Chapitre 3 : La mince ligne rouge
Partie 3
« Laissez-moi vous expliquer la situation. »
Tout au fond de la station, dans la salle avec des fleurs balayée par le vent, nous nous étions réunis avec les enseignants. Les lumières avaient été atténuées, attirant l’attention sur un grand écran holographique.
« Il y a deux heures, la troisième génération d’IS Silverio Gospel, un développement conjoint entre les États-Unis et Israël, a perdu le contrôle pendant les essais sur Hawaii. Nous avons appris qu’il a maintenant quitté son espace aérien de l’essai. »

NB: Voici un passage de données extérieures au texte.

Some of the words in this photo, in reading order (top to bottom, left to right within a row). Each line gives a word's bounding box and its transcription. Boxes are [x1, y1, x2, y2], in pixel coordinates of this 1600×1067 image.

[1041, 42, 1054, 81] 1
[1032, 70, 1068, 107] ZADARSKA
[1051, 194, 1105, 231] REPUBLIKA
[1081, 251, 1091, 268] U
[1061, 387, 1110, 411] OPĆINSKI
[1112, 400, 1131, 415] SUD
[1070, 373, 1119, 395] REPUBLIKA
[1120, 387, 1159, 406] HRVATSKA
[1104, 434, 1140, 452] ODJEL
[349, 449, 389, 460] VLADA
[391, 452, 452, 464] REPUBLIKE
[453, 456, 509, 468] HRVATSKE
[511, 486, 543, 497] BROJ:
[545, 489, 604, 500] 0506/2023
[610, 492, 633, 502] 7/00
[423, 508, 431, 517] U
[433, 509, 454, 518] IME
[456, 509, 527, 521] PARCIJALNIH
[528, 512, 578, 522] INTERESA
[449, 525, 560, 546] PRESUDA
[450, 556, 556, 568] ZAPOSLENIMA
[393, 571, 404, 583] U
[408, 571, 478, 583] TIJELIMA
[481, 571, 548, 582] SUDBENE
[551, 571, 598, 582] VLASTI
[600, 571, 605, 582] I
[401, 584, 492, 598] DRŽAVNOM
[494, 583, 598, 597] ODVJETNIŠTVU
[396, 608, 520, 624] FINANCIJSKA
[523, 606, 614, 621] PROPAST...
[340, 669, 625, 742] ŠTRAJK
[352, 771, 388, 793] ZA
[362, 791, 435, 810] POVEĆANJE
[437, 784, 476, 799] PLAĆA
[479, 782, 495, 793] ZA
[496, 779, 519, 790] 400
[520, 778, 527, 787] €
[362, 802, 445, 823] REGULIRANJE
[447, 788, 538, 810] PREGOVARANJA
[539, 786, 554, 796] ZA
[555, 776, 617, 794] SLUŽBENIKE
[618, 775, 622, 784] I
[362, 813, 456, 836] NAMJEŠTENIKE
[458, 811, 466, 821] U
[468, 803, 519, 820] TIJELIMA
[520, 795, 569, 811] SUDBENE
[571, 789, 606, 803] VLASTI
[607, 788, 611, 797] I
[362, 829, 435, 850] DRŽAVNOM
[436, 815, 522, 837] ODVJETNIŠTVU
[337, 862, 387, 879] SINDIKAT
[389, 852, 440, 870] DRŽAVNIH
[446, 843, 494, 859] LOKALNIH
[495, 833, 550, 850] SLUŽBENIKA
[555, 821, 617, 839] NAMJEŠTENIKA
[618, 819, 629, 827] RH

J’avais suivi l’explication avec un regard vide. Le… quoi ? Hein ? Un IS militaire ? Perdre le contrôle ? Qu’est-ce que ça a à voir avec nous ? En m’interrogeant à ce sujet, j’avais regardé autour de moi les réactions des autres.
« … »
Chacun portait une expression réservée. C’était de vrais cadets nationaux, contrairement à Houki et moi. Peut-être qu’elles avaient reçu une formation sur ce qu’il fallait faire dans des situations comme celle-ci. L’expression de Laura, en particulier, était d’un froid intense.
« Le suivi par satellite indique que le chemin de Silverio Gospel traversera l’espace aérien local en un point situé à deux kilomètres d’ici dans environ cinquante minutes. Le commandement de l’Académie nous a ordonné de répondre, » poursuivit Chifuyu. Mais les mots qui suivirent furent inimaginables. « Le personnel de l’Académie utilisera des IS de formation pour boucler les routes aériennes et maritimes. La responsabilité de l’objectif principal sera laissée à ceux qui ont un IS personnel. »
Vraiment ? Voulaient-ils qu’on arrête un IS militaire incontrôlable ?
« Nous allons maintenant répondre à vos questions sur la mission. Levez la main si vous voulez parler, » déclara Chifuyu.
« Oui. » La première à lever la main fut Cécilia. « Demande de données techniques sur l’IS cible. »
« Approuvé. Mais rappelez-vous, c’est du matériel top secret pour les deux nations. Rien de tout cela ne quitte cette pièce. S’il y a des fuites, vous ferez tous l’objet d’une enquête et d’au moins deux ans d’observation, » répliqua Chifuyu.
« Compris. »
Pendant que j’essayais encore de comprendre la situation, Cécilia et les autres cadets nationaux discutaient déjà des données.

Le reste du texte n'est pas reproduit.